Transcribe every line of the material below exactly, leaving out the pictures.

* [Provided entries]
------------------------------------------------
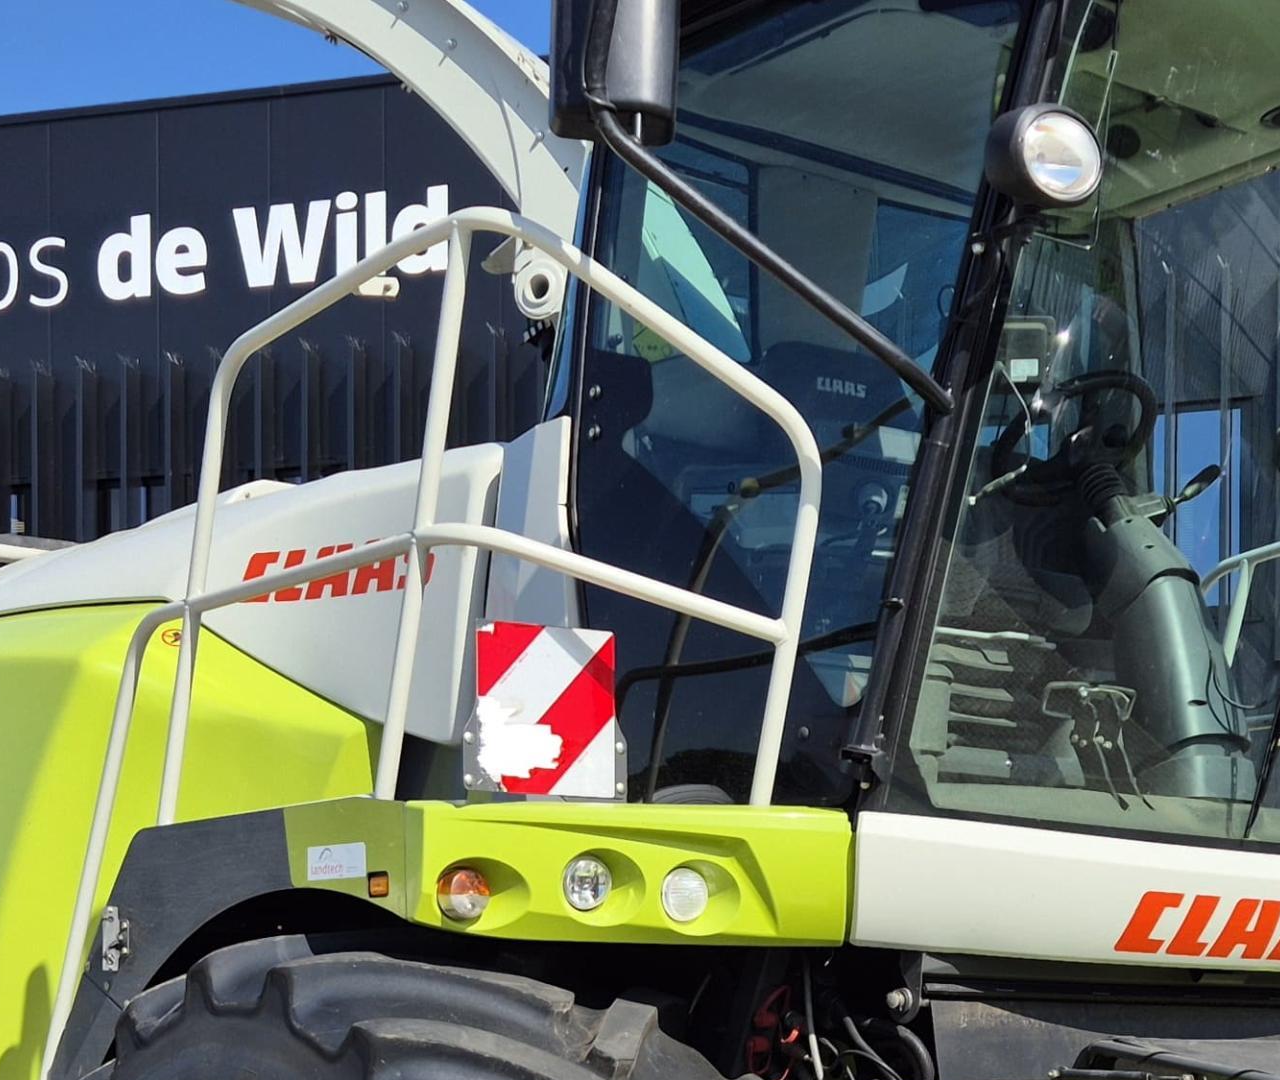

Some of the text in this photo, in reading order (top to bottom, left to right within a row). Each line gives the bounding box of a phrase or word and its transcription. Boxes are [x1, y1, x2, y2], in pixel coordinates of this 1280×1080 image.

[97, 213, 208, 301] de
[232, 184, 450, 289] Wild
[816, 376, 867, 399] CLAAS
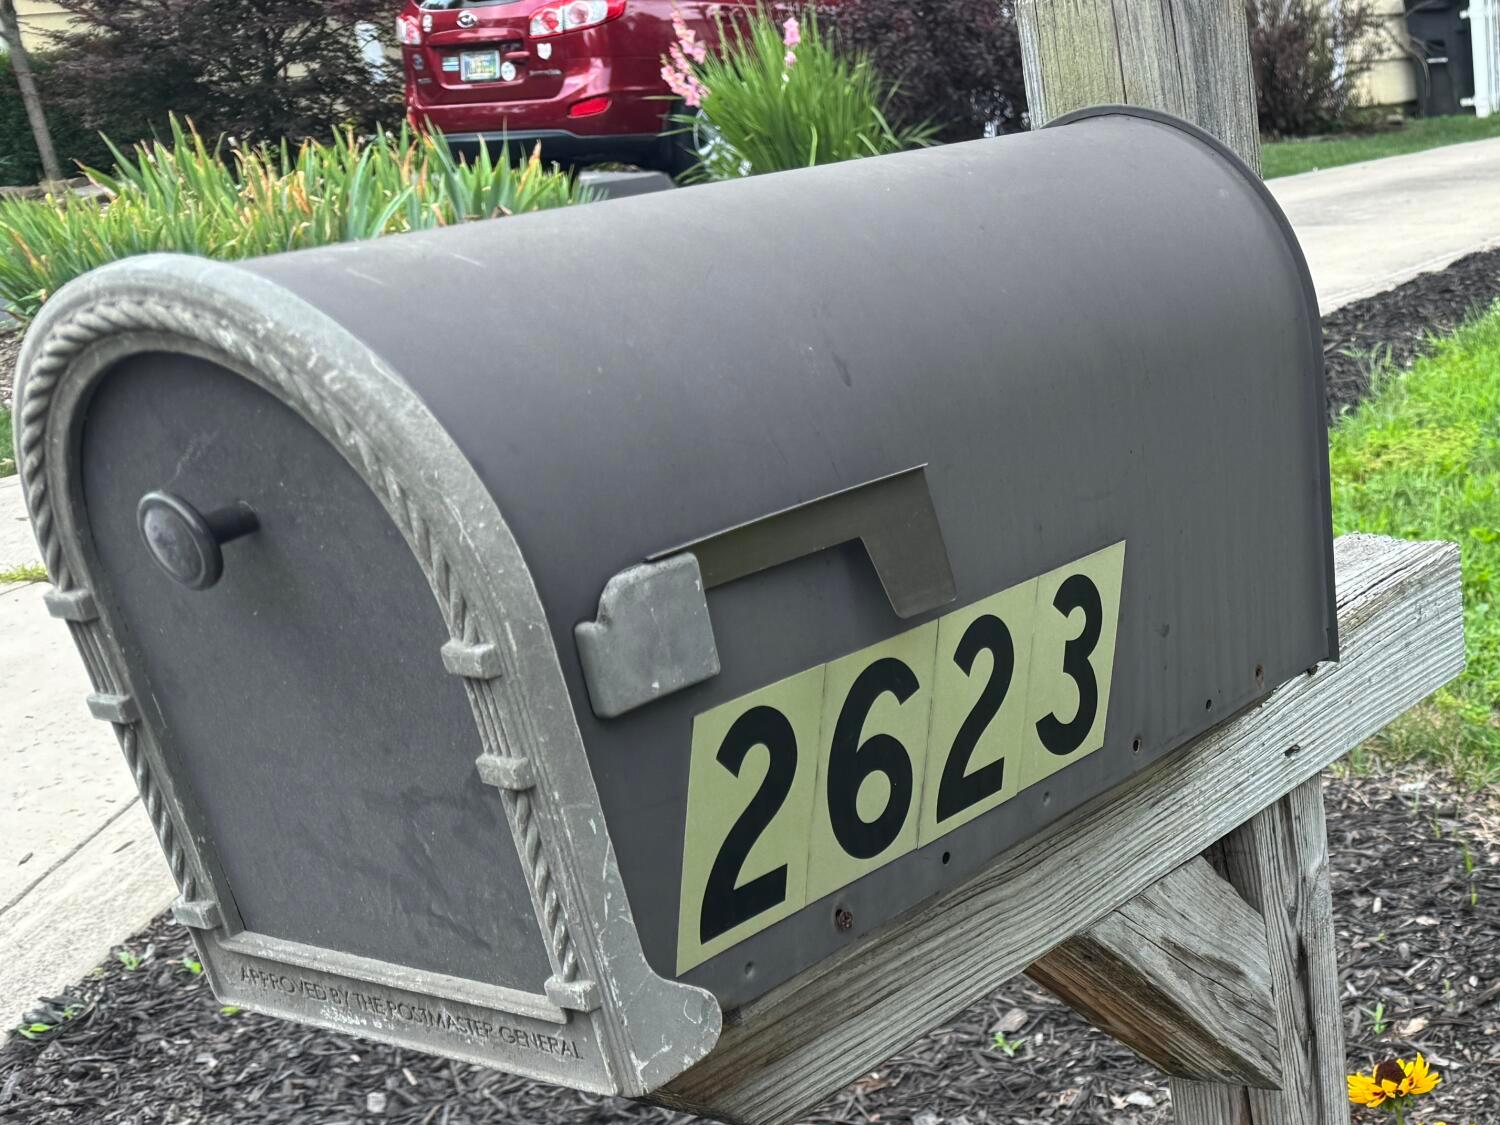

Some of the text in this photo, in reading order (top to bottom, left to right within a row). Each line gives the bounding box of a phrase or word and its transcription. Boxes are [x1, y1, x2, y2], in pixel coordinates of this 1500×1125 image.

[700, 574, 1103, 945] 2623
[240, 966, 584, 1060] APPROVED BY THE POSTMASTER GENERAL
------------------------------------------------
* [Answer box]
Some of the text in this photo, in reading order (top to bottom, left to right within a row). Each line gives the bounding box of a phrase or word and its transcription. Boxes are [x1, y1, x2, y2], in pixel coordinates of this 1280×1080 image.

[97, 213, 208, 301] de
[232, 184, 450, 289] Wild
[816, 376, 867, 399] CLAAS

Some of the text in this photo, in reading order (top to bottom, left to right within a row). Each line gives the bounding box of a phrase or word and its transcription. Boxes are [x1, y1, x2, y2], in pixel coordinates of this 1500×1125 image.

[700, 574, 1103, 945] 2623
[240, 966, 584, 1060] APPROVED BY THE POSTMASTER GENERAL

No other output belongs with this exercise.